Stored data entries
-- Opening Marker --

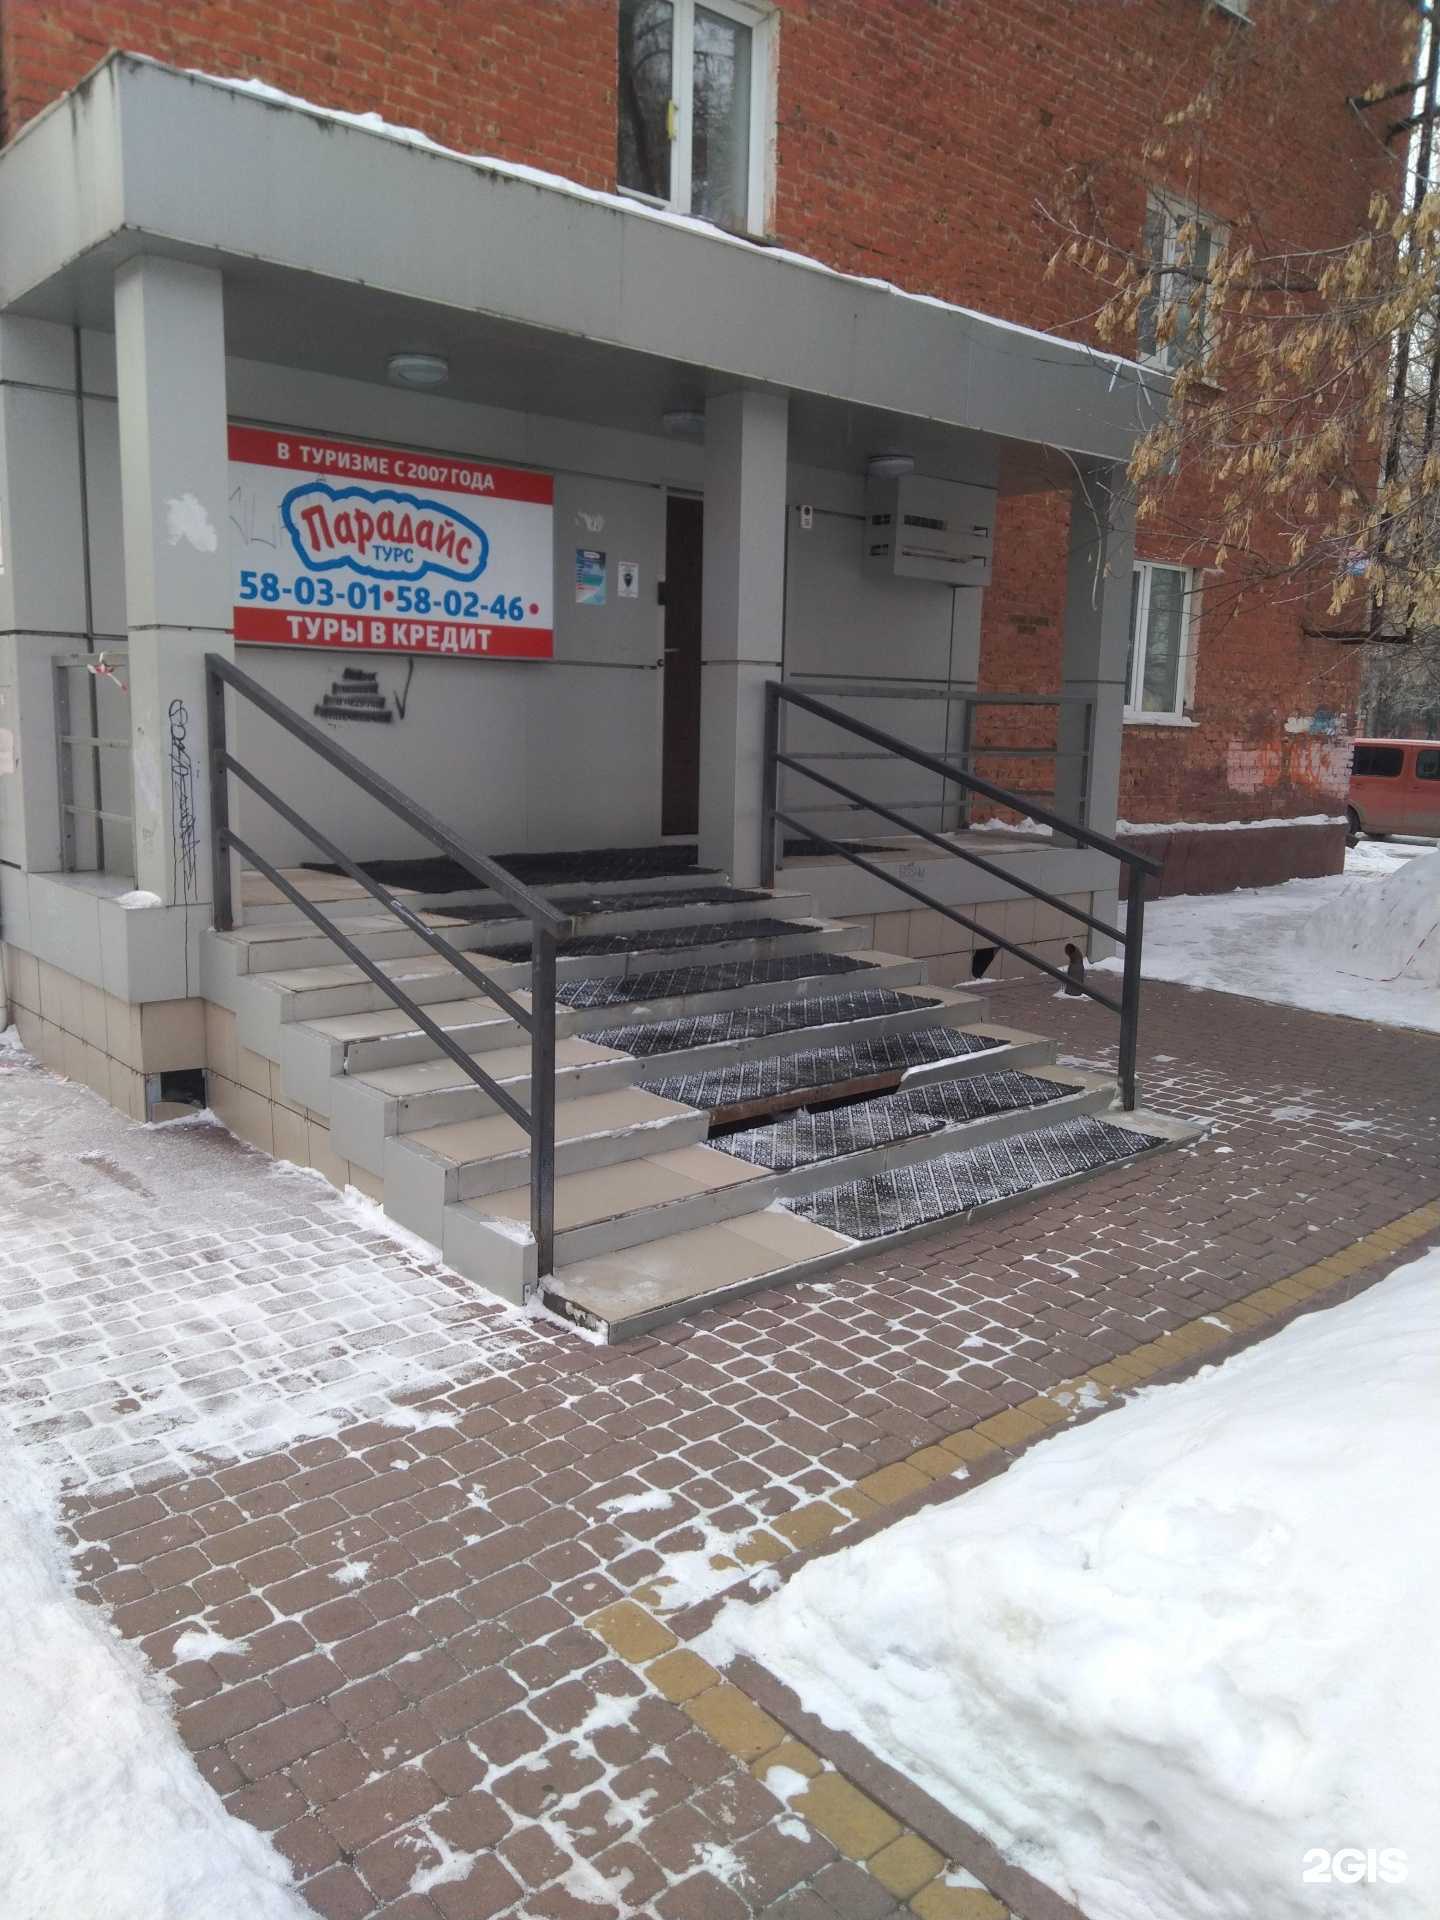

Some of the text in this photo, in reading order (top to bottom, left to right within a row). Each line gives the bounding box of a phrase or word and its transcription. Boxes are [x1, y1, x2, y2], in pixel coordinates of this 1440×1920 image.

[277, 442, 495, 491] В ТУРИЗМЕ С 2007 ГОДА
[301, 504, 472, 565] Парадайс
[372, 545, 414, 563] ТУРС
[286, 615, 492, 653] ТУРЫ В КРЕДИТ
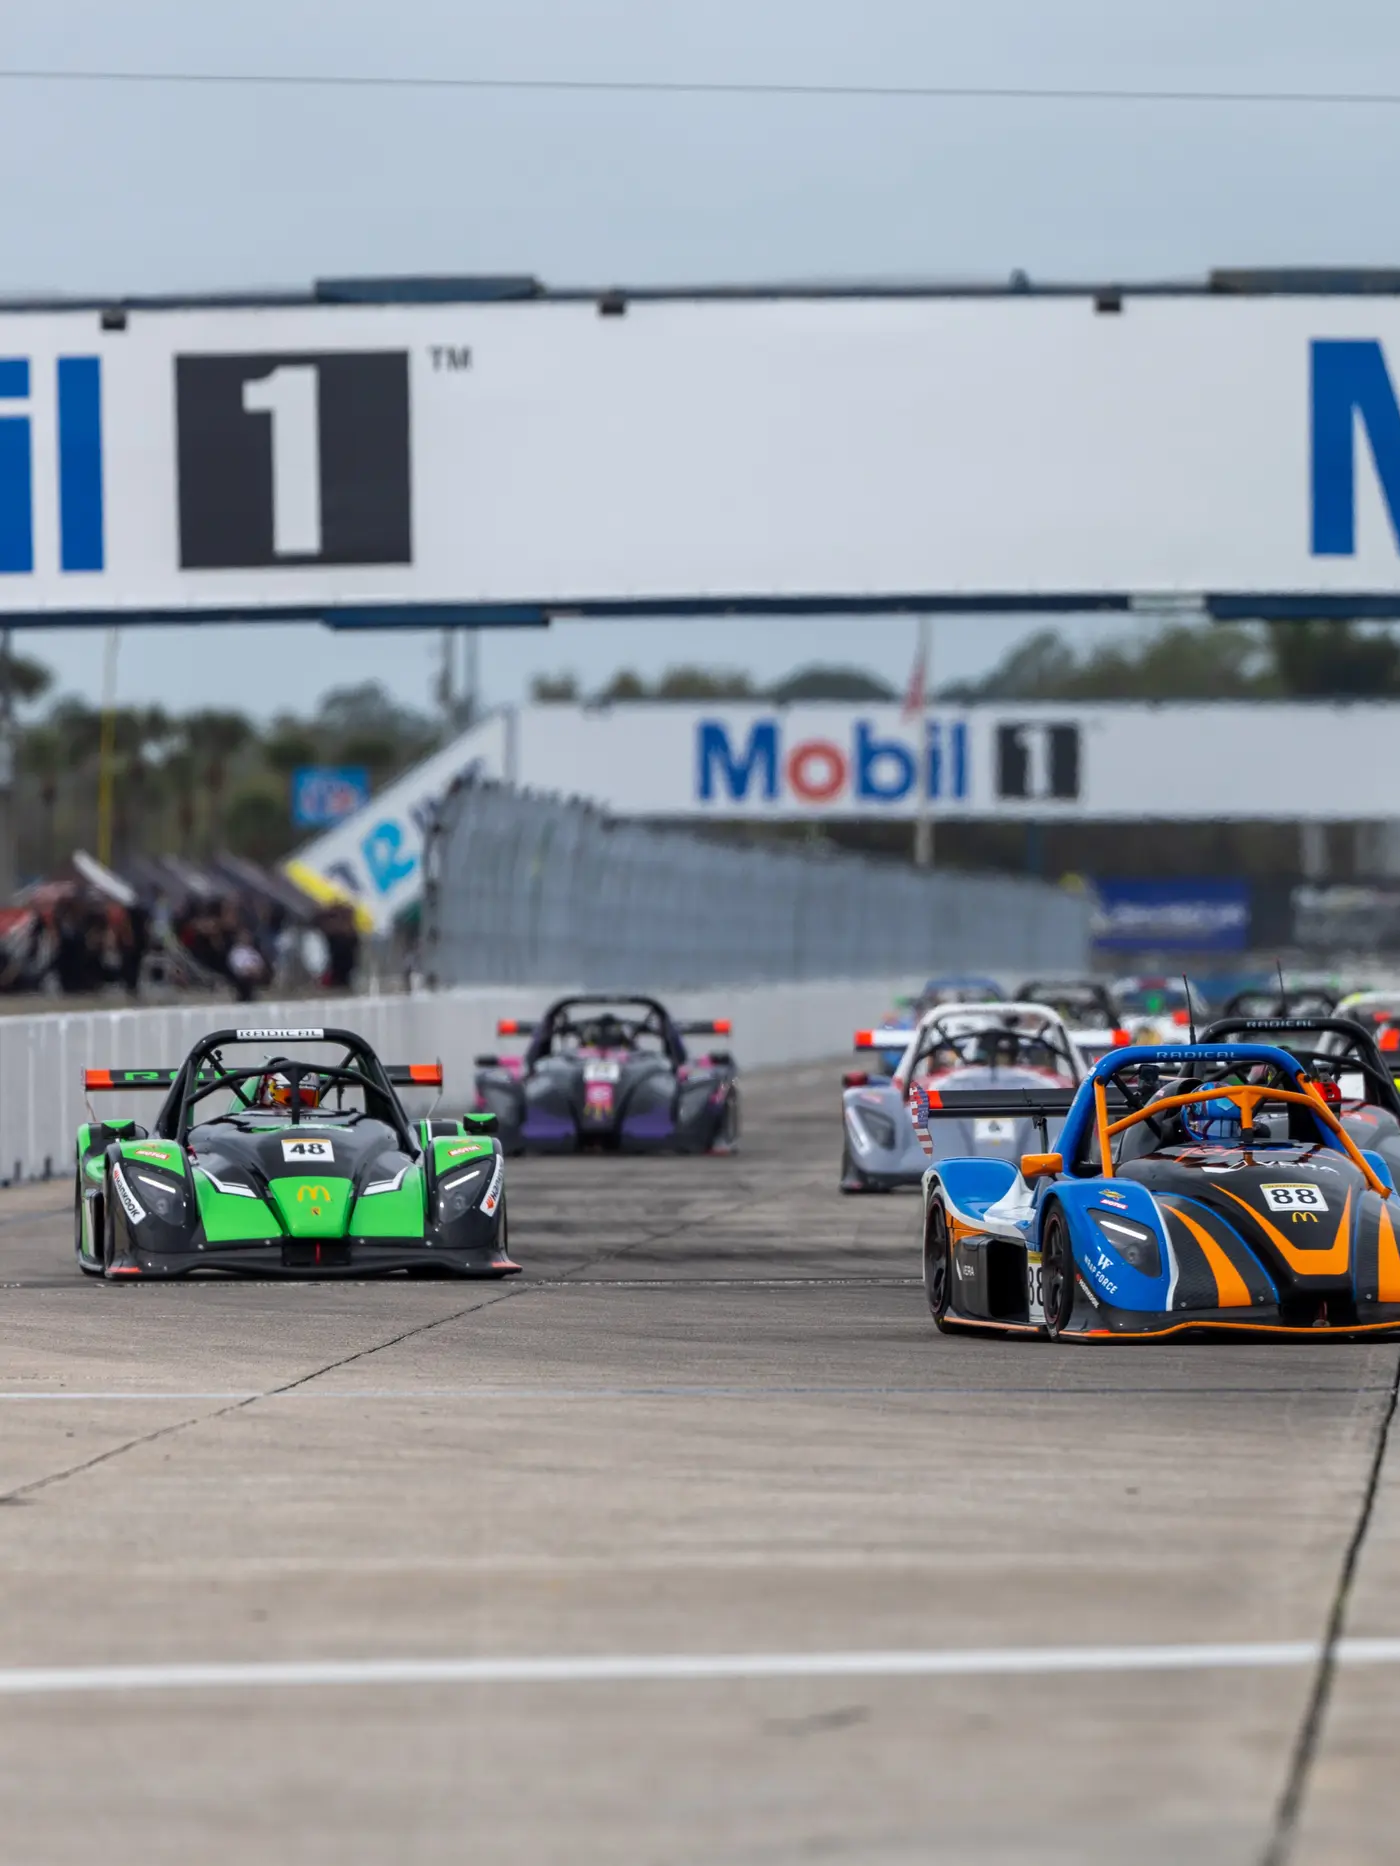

-- Closing Marker --

What you are asked to do: Repeat each entry exactly as it appears; skip any picture.

Response:
Some of the text in this photo, in reading order (top to bottom, left to right within a row). Each line gives the bounding box of a phrase or word and its transcription. Boxes are [x1, y1, x2, y2], in pixel coordinates of this 1440×1920 image.

[277, 442, 495, 491] В ТУРИЗМЕ С 2007 ГОДА
[301, 504, 472, 565] Парадайс
[372, 545, 414, 563] ТУРС
[286, 615, 492, 653] ТУРЫ В КРЕДИТ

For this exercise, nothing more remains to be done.